The hotel was reopened on 28 August 1986. The ceremony was attended by Thatcher, who spoke at a reception to celebrate the reopening. Tebbit accompanied her. Concorde flew low from the south to salute the opening.

===Later history===
The hotel belonged to the De Vere Group from the 1990s. De Vere undertook a multimillion-pound refurbishment which was completed in 2013. Another refurbishment project concluded in 2019.

On 15 October 2011 the Grand Hotel was inducted into the Brighton Walk of Fame and is only the third structure in Brighton to be recognised by the Walk of Fame committee. The hotel has hosted many famous guests, including Abba, who celebrated in the appropriately named Napoleon Suite on the first floor following their 1974 Eurovision Song Contest win with their performance of "Waterloo". Others who have performed in The Grand's Empress Suite include singer Jessie J, Rizzle Kicks, The Saturdays, Elbow and Sugababes.

De Vere Hotels sold the Grand in 2014 to Wittington Investments for £50 million. It was sold again to Leonardo Hotels, part of the Fattal Group, in February 2023.

==Facilities==
There are 201 rooms in the hotel, including eight singles, 115 standard twin and standard double rooms, 31 sea-view twin and sea-view double rooms, 42 sea-view deluxe rooms and four sea-view suites, including the Presidential Suite. It offers conference facilities for up to 1,000 delegates. The Empress Suite is the country's largest sea-facing conference suite. It is commonly used as a venue for weddings, along with the hotel's Regent room (a former Victorian library) and first-floor suites.

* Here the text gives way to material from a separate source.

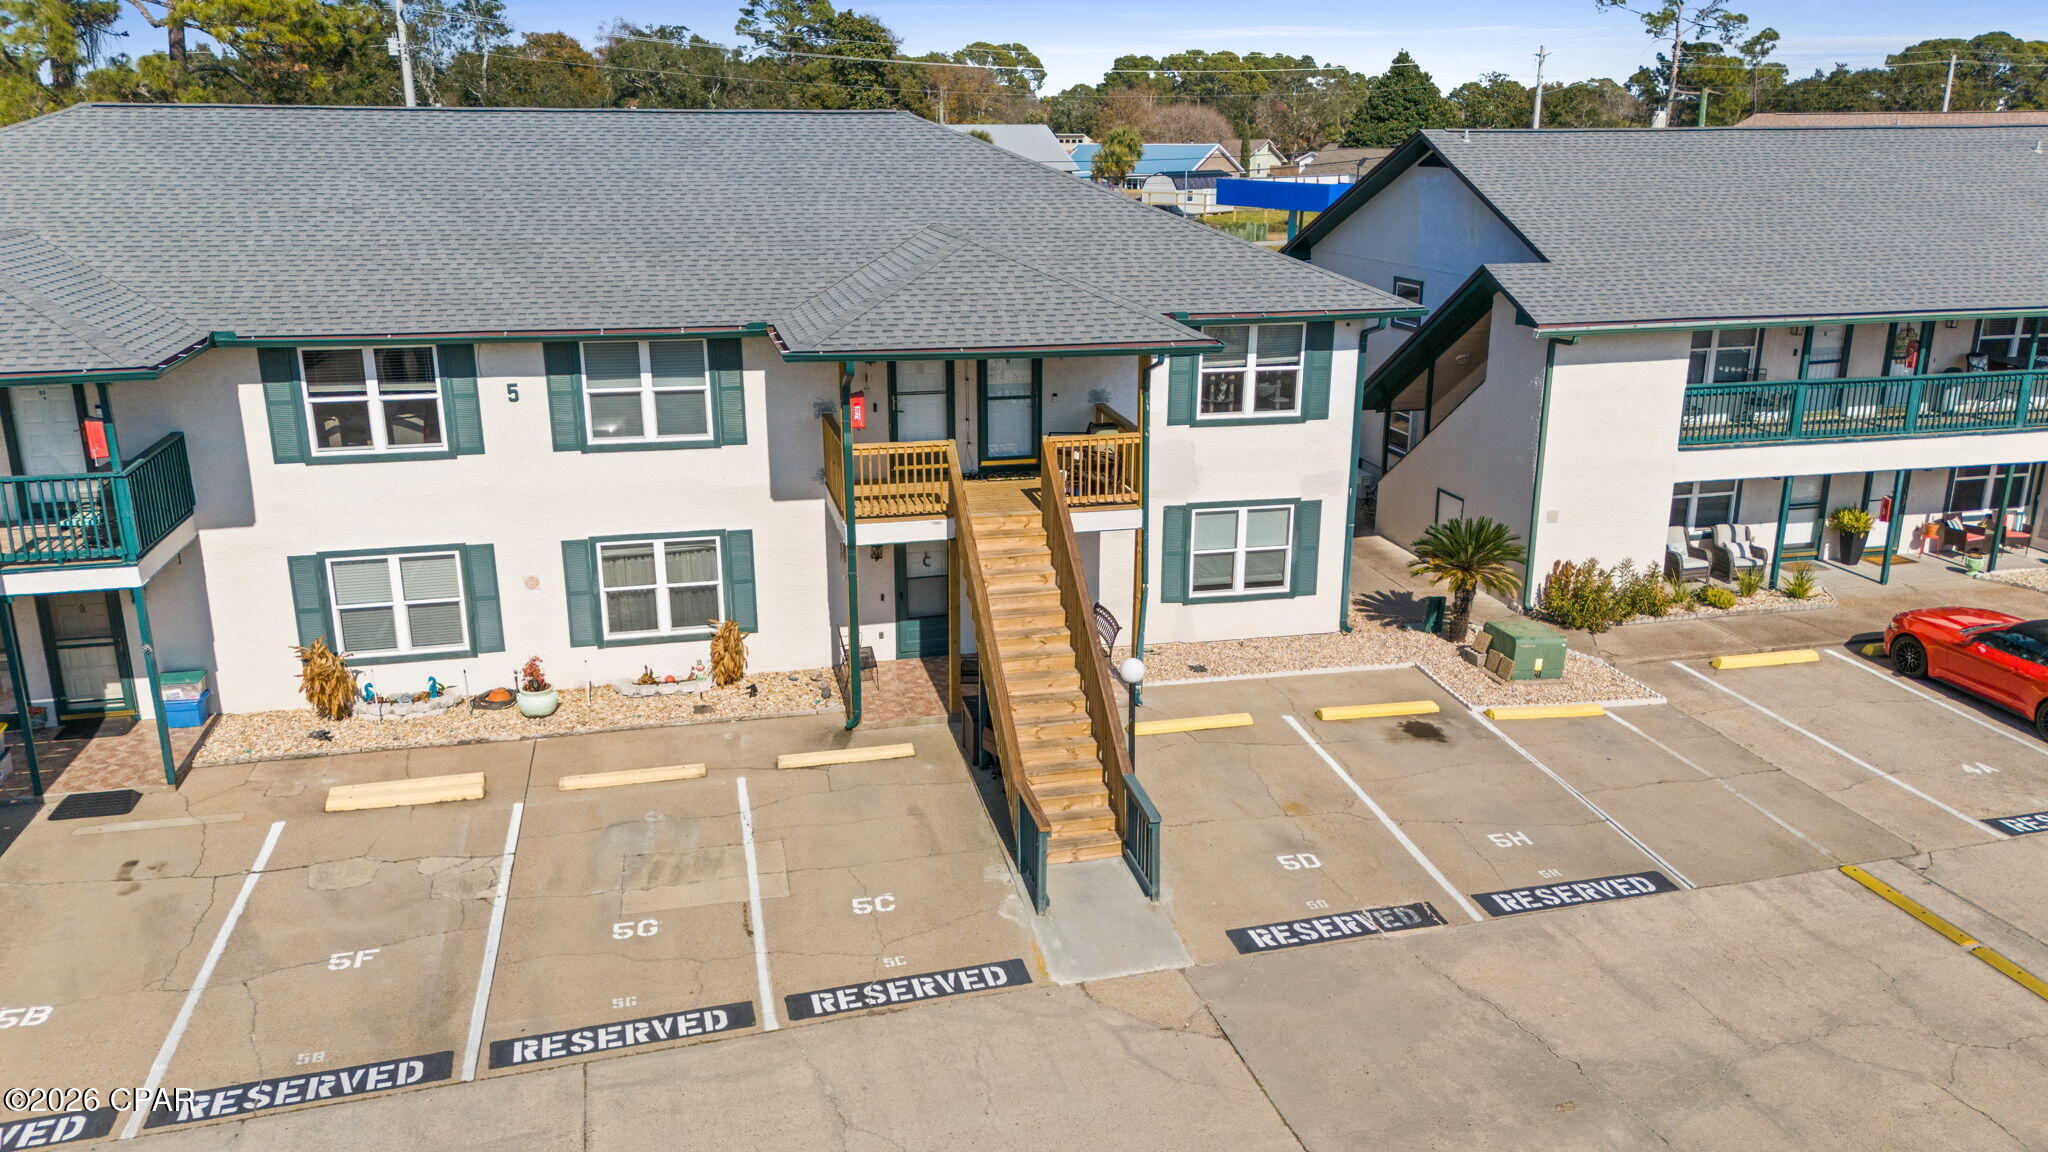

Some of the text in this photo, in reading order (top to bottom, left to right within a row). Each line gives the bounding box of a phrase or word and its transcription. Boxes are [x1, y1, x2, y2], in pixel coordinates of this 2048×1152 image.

The Grand Brighton hotel is also home to Cyan restaurant and bar, an all-day dining spot which still features original 155-year-old marble pillars around its central bar area.

==Management==
The current manager is Andrew Mosley, who joined the hotel in May 2010.

The Grand has been praised for its industry-leading approach to management of employee engagement in the hospitality industry, winning 'Best Employer in UK Hospitality' at the 2019 Cateys award ceremony hosted by The Caterer.

==Film and television appearances==

Amongst many appearances in television and film the Grand was visited by the Trotter family in 1992 in an episode of the BBC Television comedy Only Fools and Horses entitled Mother Nature's Son. The hotel has also been featured in ITV's Coronation Street.

The hotel was the subject of the documentary The Grand written and presented by Robert Longden for Southern Television.

In the film Quadrophenia it was the hotel where Sting's character, Ace Face, was a bellboy.